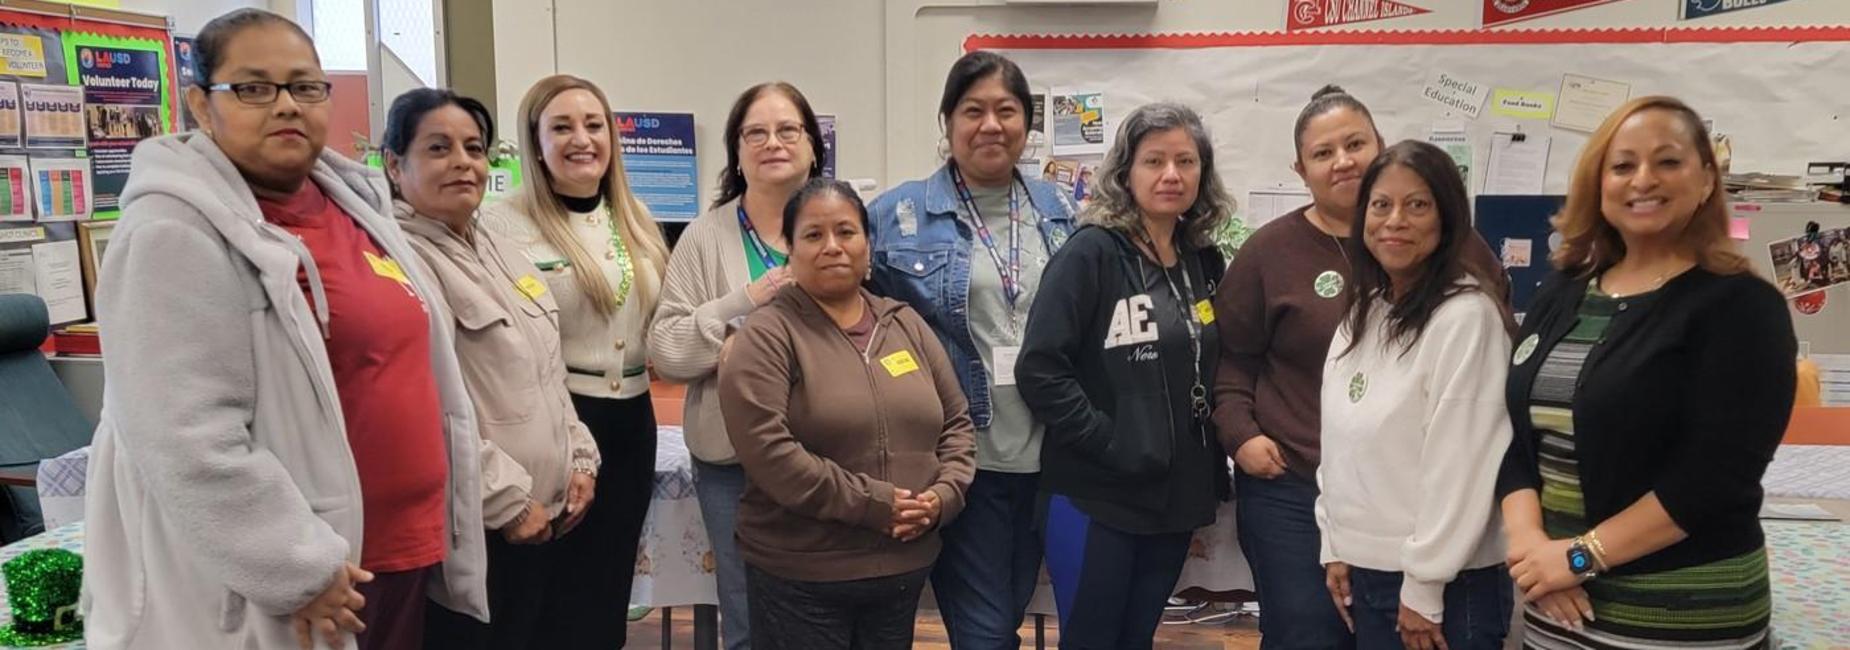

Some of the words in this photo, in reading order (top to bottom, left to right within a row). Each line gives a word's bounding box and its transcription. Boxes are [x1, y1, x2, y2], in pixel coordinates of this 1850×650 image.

[95, 51, 131, 64] LAUSD
[82, 75, 131, 88] Volunteer
[131, 77, 159, 92] Today
[1438, 73, 1477, 96] Special
[1424, 86, 1477, 115] Education
[615, 116, 660, 129] LAUSD
[649, 146, 693, 154] Estudiantes
[1104, 293, 1159, 350] AE
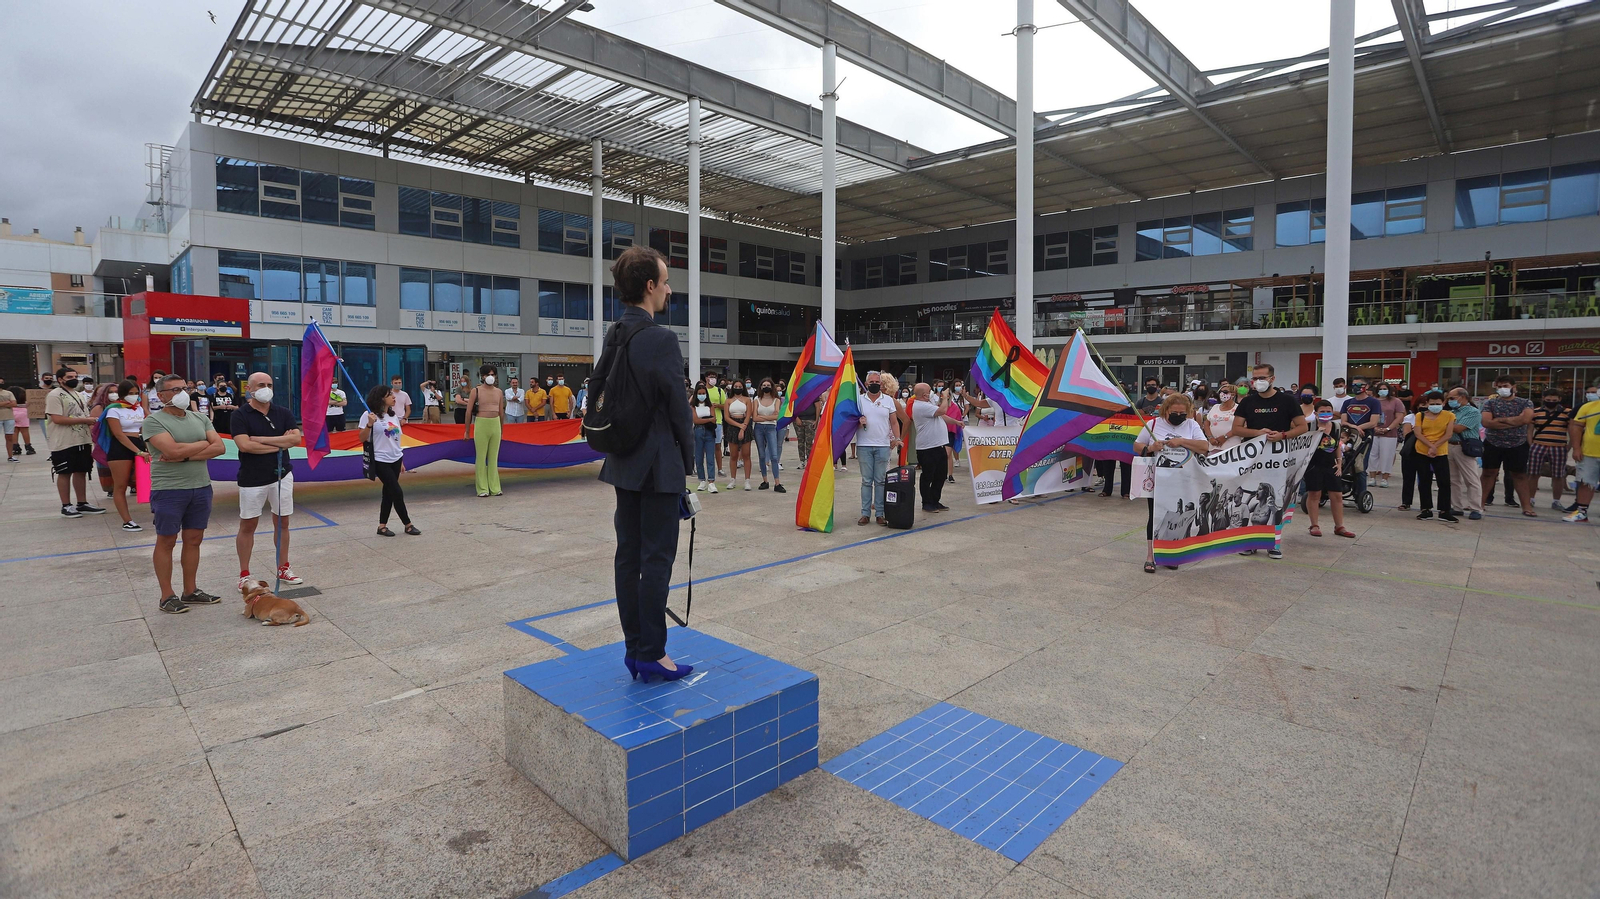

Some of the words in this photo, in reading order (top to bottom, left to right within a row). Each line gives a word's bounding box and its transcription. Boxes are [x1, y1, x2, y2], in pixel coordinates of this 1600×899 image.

[1488, 343, 1520, 355] Dia
[968, 436, 996, 446] TRANS
[1238, 461, 1263, 476] Campo
[1265, 459, 1280, 469] de
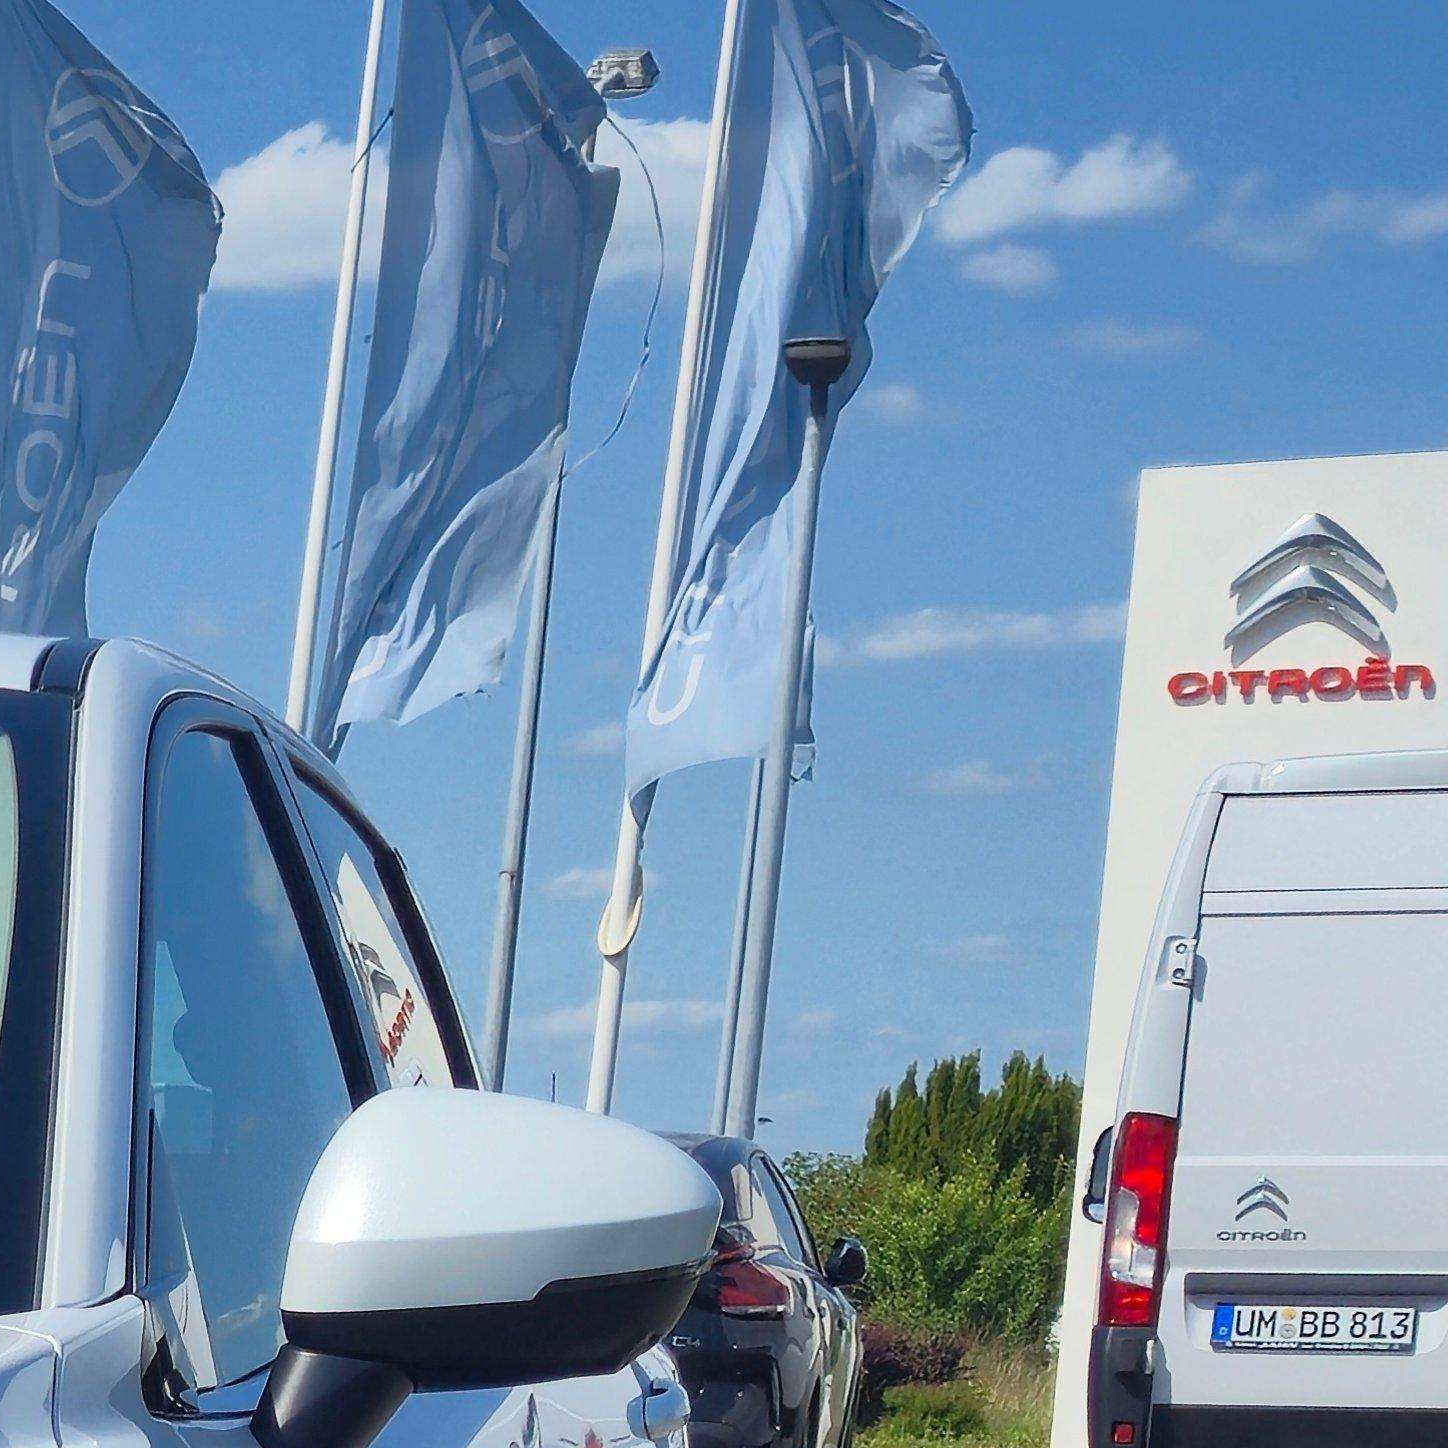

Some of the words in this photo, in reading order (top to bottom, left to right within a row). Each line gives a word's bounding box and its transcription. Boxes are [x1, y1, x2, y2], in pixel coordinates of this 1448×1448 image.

[1167, 656, 1436, 700] CITROËN
[1216, 1229, 1307, 1241] CITROËN
[1235, 1309, 1278, 1338] UM
[1299, 1310, 1341, 1338] BB
[1349, 1311, 1411, 1339] 813

Work to complete ▸ Your job is to reproduce the material exactly. Keep pictures out of it.

Solution to the exercise ▸
Some of the words in this photo, in reading order (top to bottom, left to right within a row). Each line gives a word's bounding box and its transcription. Boxes are [x1, y1, x2, y2], in pixel coordinates of this 1850×650 image.

[95, 51, 131, 64] LAUSD
[82, 75, 131, 88] Volunteer
[131, 77, 159, 92] Today
[1438, 73, 1477, 96] Special
[1424, 86, 1477, 115] Education
[615, 116, 660, 129] LAUSD
[649, 146, 693, 154] Estudiantes
[1104, 293, 1159, 350] AE

Some of the words in this photo, in reading order (top to bottom, left to right within a row). Each line gives a word's bounding box and its transcription. Boxes are [x1, y1, x2, y2], in pixel coordinates of this 1600×899 image.

[1488, 343, 1520, 355] Dia
[968, 436, 996, 446] TRANS
[1238, 461, 1263, 476] Campo
[1265, 459, 1280, 469] de

Some of the words in this photo, in reading order (top to bottom, left to right within a row). Each line gives a word's bounding box and its transcription. Boxes are [x1, y1, x2, y2], in pixel coordinates of this 1448×1448 image.

[1167, 656, 1436, 700] CITROËN
[1216, 1229, 1307, 1241] CITROËN
[1235, 1309, 1278, 1338] UM
[1299, 1310, 1341, 1338] BB
[1349, 1311, 1411, 1339] 813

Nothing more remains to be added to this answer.